» DATA IN THIS EXERCISE:
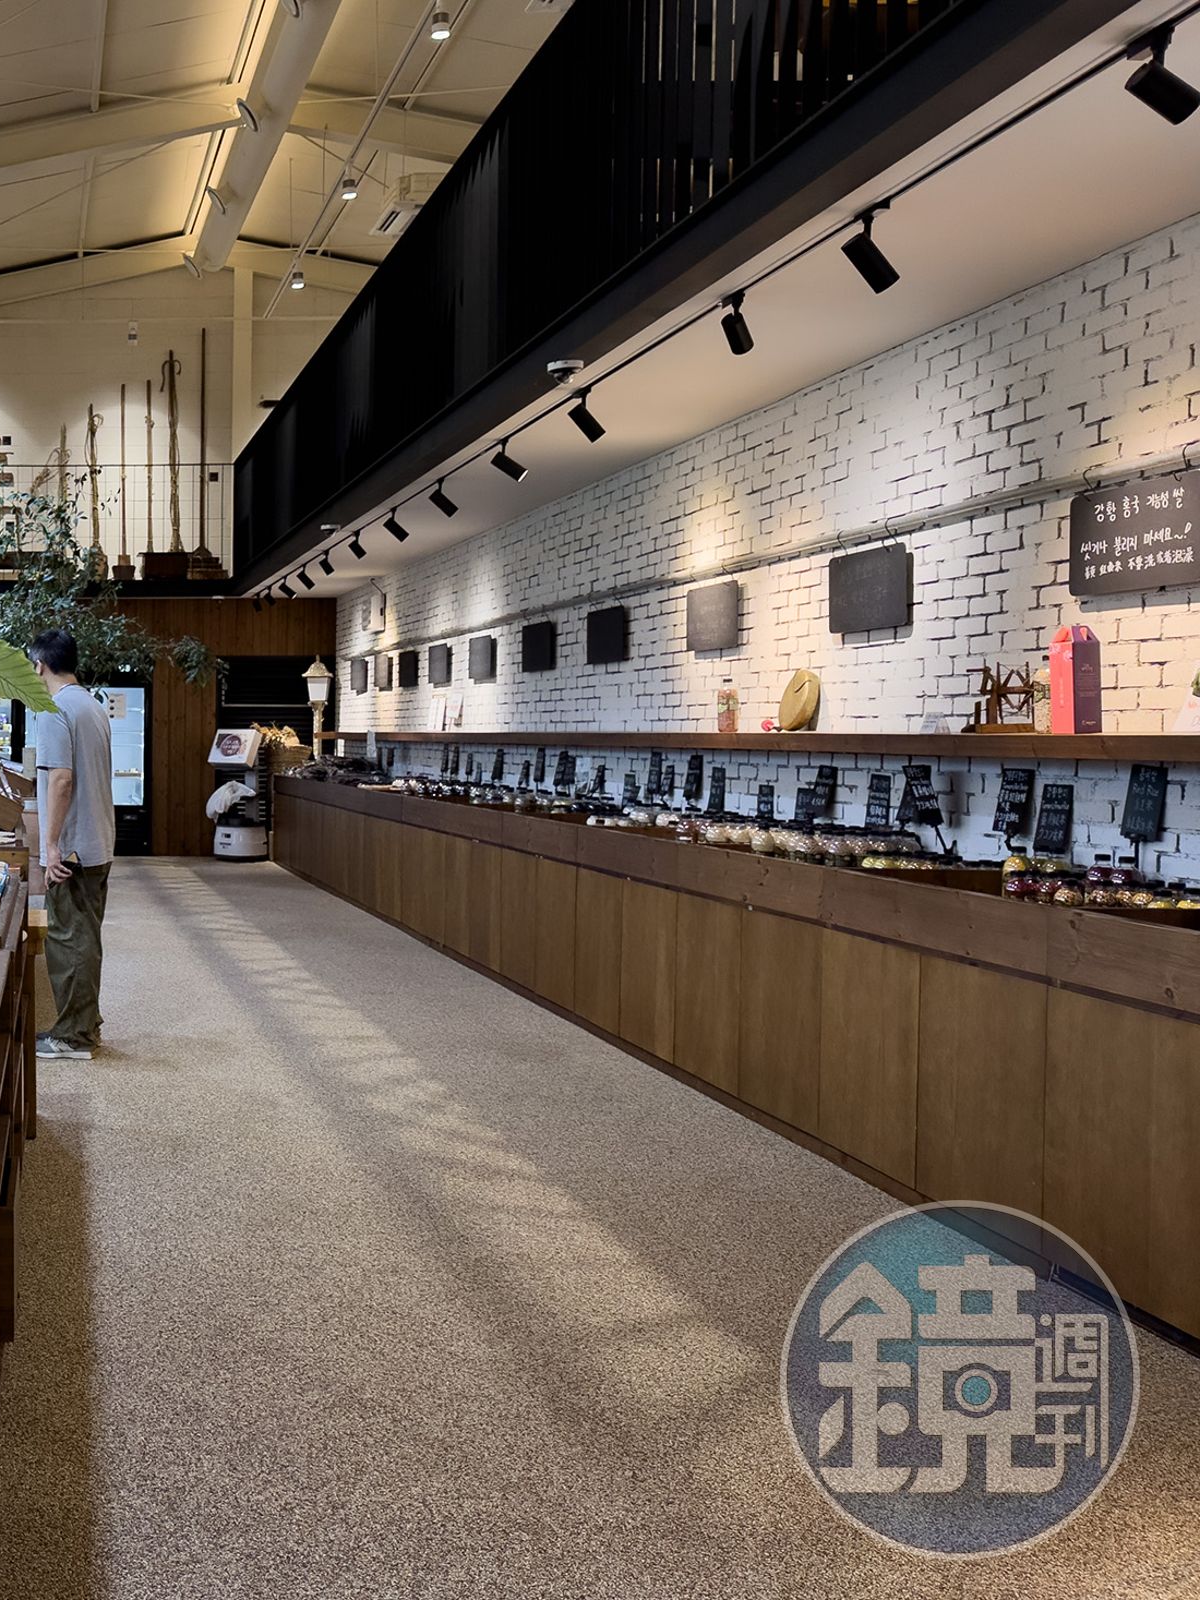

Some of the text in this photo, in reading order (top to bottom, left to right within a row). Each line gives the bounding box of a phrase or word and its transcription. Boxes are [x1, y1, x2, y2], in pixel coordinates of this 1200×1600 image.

[1094, 486, 1185, 522] 강황 홍국 기능성 쌀
[1080, 539, 1108, 561] 씻거나
[1113, 535, 1138, 557] 불리지
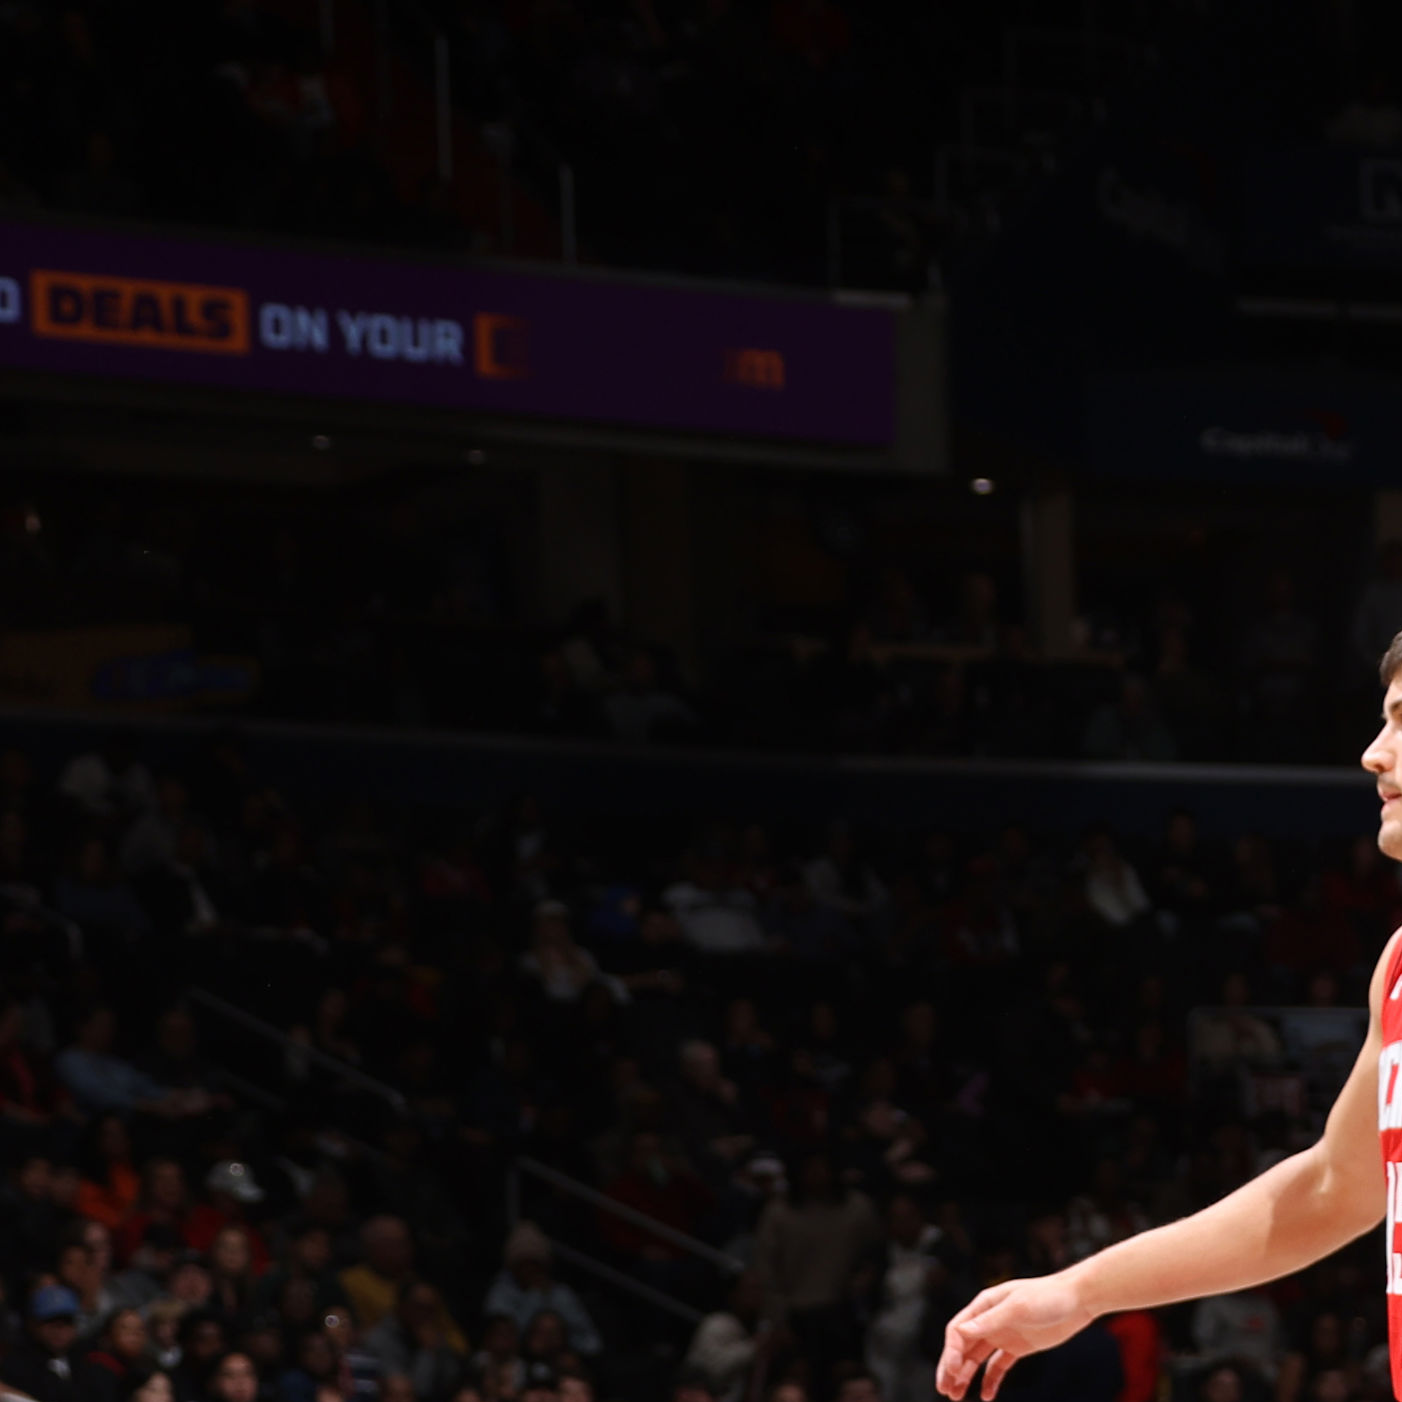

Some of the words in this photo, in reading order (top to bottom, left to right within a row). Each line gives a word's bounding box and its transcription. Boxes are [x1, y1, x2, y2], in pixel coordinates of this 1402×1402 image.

[50, 284, 232, 339] DEALS
[258, 302, 329, 355] ON
[335, 307, 465, 367] YOUR
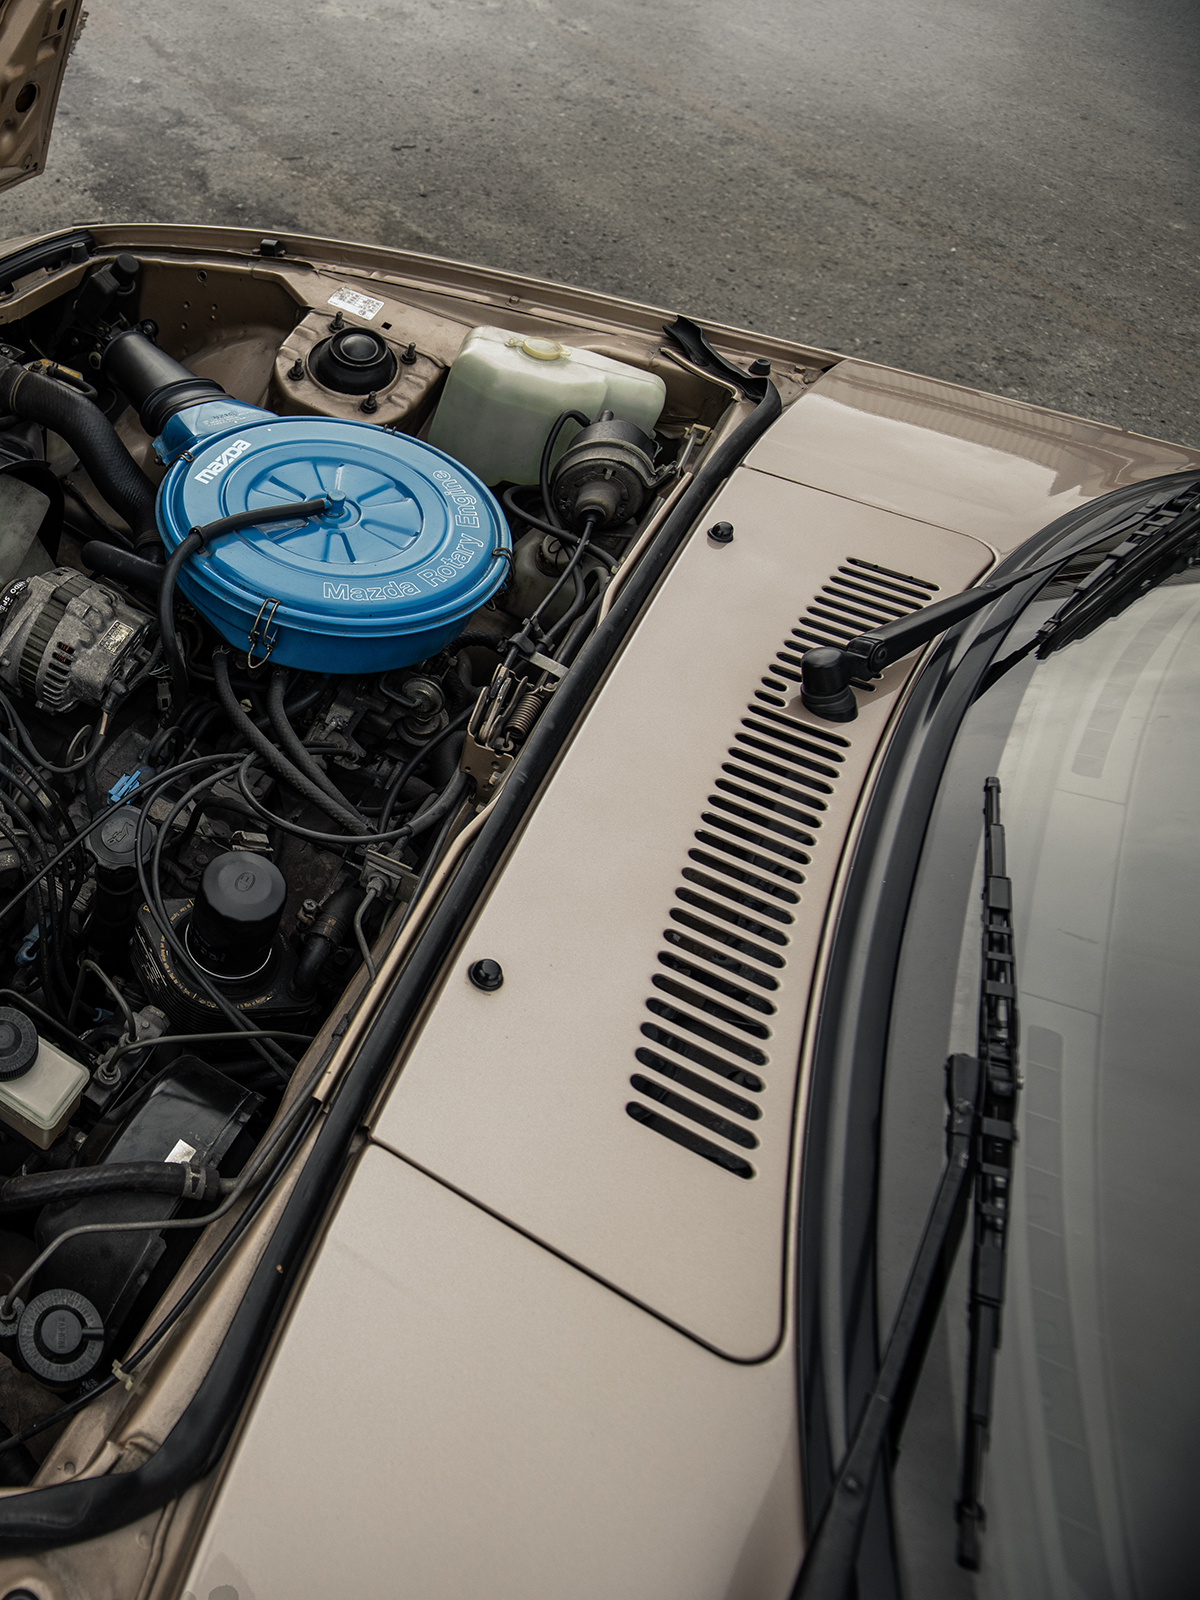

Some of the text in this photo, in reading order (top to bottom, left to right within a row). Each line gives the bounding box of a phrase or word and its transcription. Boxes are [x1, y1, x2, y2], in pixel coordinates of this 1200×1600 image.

[323, 469, 484, 601] Mazda Rotary Engine

» WHAT NEEDS TO BE DONE: Please transcribe the entries precisely and omit any images they hold.

» RESPONSE FOR THIS EXERCISE:
Some of the text in this photo, in reading order (top to bottom, left to right within a row). Each line gives the bounding box of a phrase or word and its transcription. Boxes are [x1, y1, x2, y2], in pixel coordinates of this 1200×1600 image.

[1094, 486, 1185, 522] 강황 홍국 기능성 쌀
[1080, 539, 1108, 561] 씻거나
[1113, 535, 1138, 557] 불리지

Some of the words in this photo, in reading order (top to bottom, left to right within a row). Each line gives a word's bounding box and its transcription. Boxes are [x1, y1, x2, y2], in pixel coordinates of this 1402×1402 image.

[50, 284, 232, 339] DEALS
[258, 302, 329, 355] ON
[335, 307, 465, 367] YOUR

Some of the text in this photo, in reading order (top to bottom, left to right within a row). Each line gives the bounding box of a phrase or word and its transcription. Boxes are [x1, y1, x2, y2], in pixel coordinates of this 1200×1600 image.

[323, 469, 484, 601] Mazda Rotary Engine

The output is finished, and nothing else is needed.